The second PK got land by reclaiming a manor that had been taken by an evil knight (so evil that he had a redcap serving him). As the evil knight had wiped out the family that held the land and there were no know claimants, the Count promised to grant the manor to whosoever reclaimed it for him. The PKs did so and one of them, whom the others promoted as as the hero of the encounter, was granted the manor.

The third PK marred a widow (his third wife) after leading a force to recover a farie stone with healing properties that helped to save the Count from the plague (I started the campaign very early, in 410, so this is all long before Counter Roderick). As teh PK played a major part in helping to save the Counts life (along with Coventina, a Lady of the Lake), he had some very nice modifiers  on the random wife table and was rewarded with a heiress with a manor.

Later, the same PK lead a unit that captured an enemy commander in battle, and he was gifted a second manor near Portus Dubris (Dover) by King Constatin. 

The last PK got his first manor due to his position in a Knightly Order than the PKs had established early on. Due to the Order being comprised almost entirely of knights from Salisbury (the original PKs plus a vassal knight and some inlaws), and it part in saving the Count from the plague, the order was granted the manor of Little Langford and the (Ogre inhabited) remains of the old Hill fort of Groverly Castle. Although technically the knight is really the steward of the manor,  the order decided to make that PK the knight in residence to fulfill their military service obligation to the Count. This came about in no small part because all the other members had land.

Recently the same PK finally got a manor of his own from the "A Prefect Wife" card at a feast. As the PK is now late in his career, has over 10,000 Glory, have served the Count well in many ways, etc. He rolled well on the table and got an heiress with  £11 in land and £37 in treasure.

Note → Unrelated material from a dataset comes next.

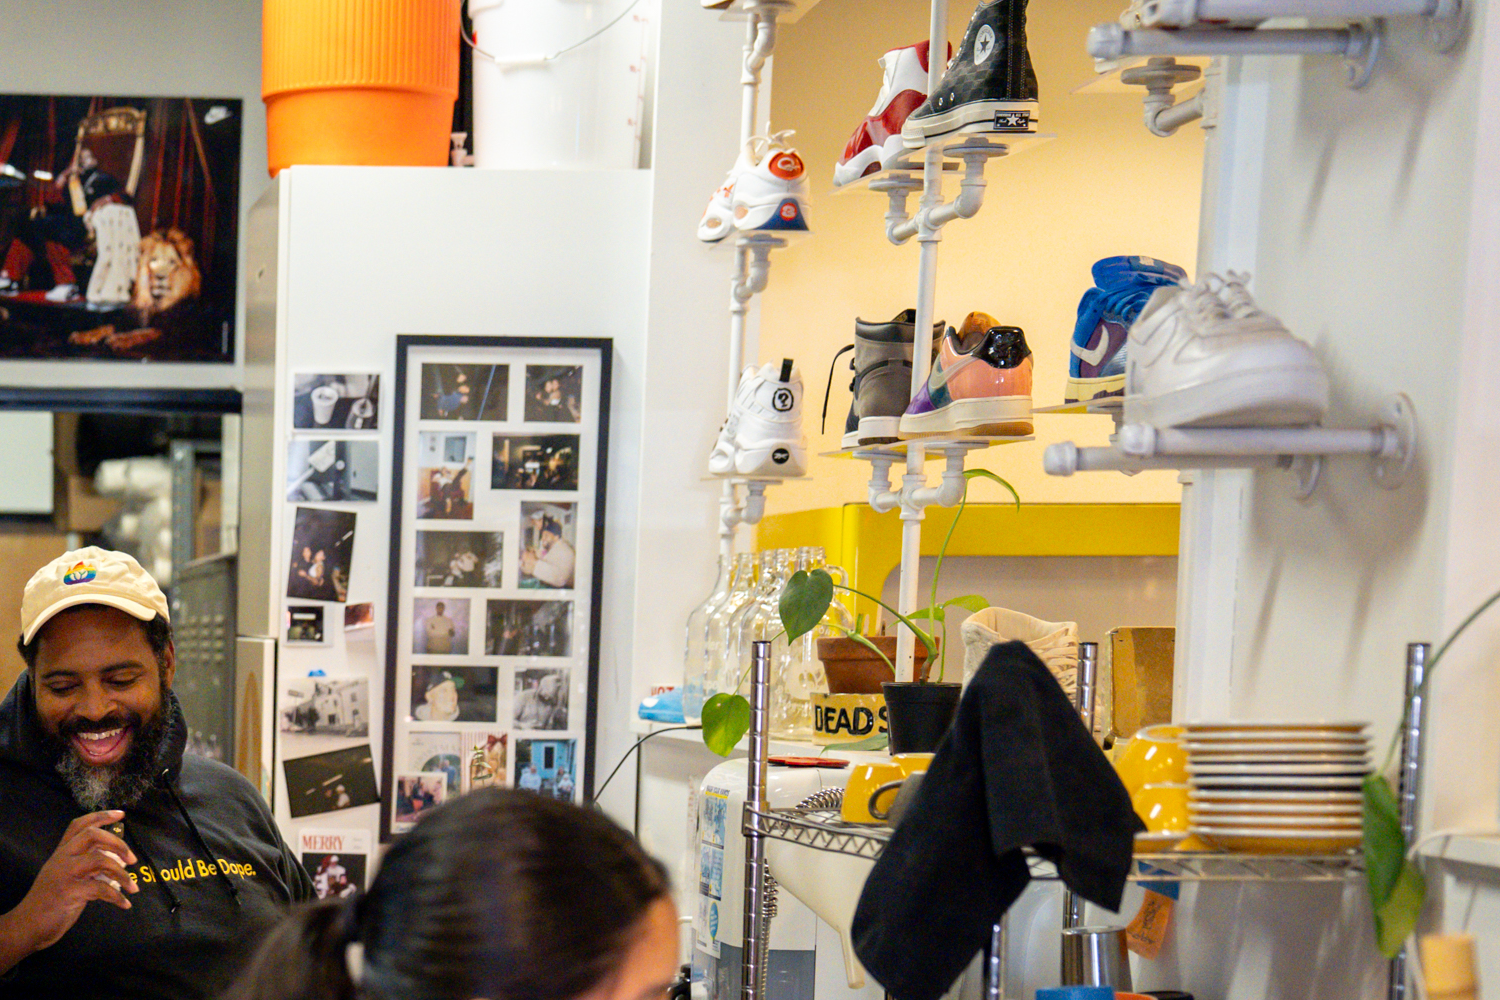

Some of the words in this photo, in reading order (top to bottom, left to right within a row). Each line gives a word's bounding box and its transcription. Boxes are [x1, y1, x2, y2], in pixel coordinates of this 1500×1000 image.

So after 25 years each PK has managed to acquire one family manor to raise their status to vassal knight. A couple have a second manor as a gift, which they can not pass down.

 

Only one PK has a chance as two manors, but he turned it down. The son of one of the PKs ended up saving the lift of General Aetius from assassins (actually several other PKs played a bigger part in it, but as the younger knight failed several Awareness rolls he missed a lot of things and so went into the general tent and helped to defend the general against the two assassin inside the tent, and thus looked good in front of the general), and had the chance to marry one of Aetius nieces (who had a nice villa with two vineyards and three wineries that produced something like £20/year), but the player had to bow out as the player had already gone to great effort to marry into a prestigious Roman family back in Britain and if he would have backed out of it at this late date (the wedding was set for the next year, and  had been for over a decade) he would have insulted the family and made a powerful enemy. 

 

But basically, like Morien says, you have to earn it by doing great things for somebody important. 

I'd also caution very strongly against awarding manors lightly. Doing so can both cheapen the effect, and lead to major escalation. I usually try to find other rewards besides land or portable treasure. Stuff that has a personal value to the PKs. That way the players get the satisfaction of their actions being recognized and rewarded, but don't end up with too much wealth or land. For example, the PKs knightly order was formally recognized by the King for it role if combating the plague (knights now get 25 glory for joining), a statue of a griffin (its worth some libra but it's mostly a prestige thing for the order and is really just a big rock), and more recently, .Gorcely Castle (a old ruined hillfort that is really just a money pit. While the PKs recent military success abroad has allowed them to get permission to fortiy it from King Constatin, actually doing so, and manning it, will take a lot more money that the members can muster, and just  building a great hall, stables and outbuildings should eat up the remainder of their war booty). So while all those rewards are nice, none will really make the knights richer or give them more land.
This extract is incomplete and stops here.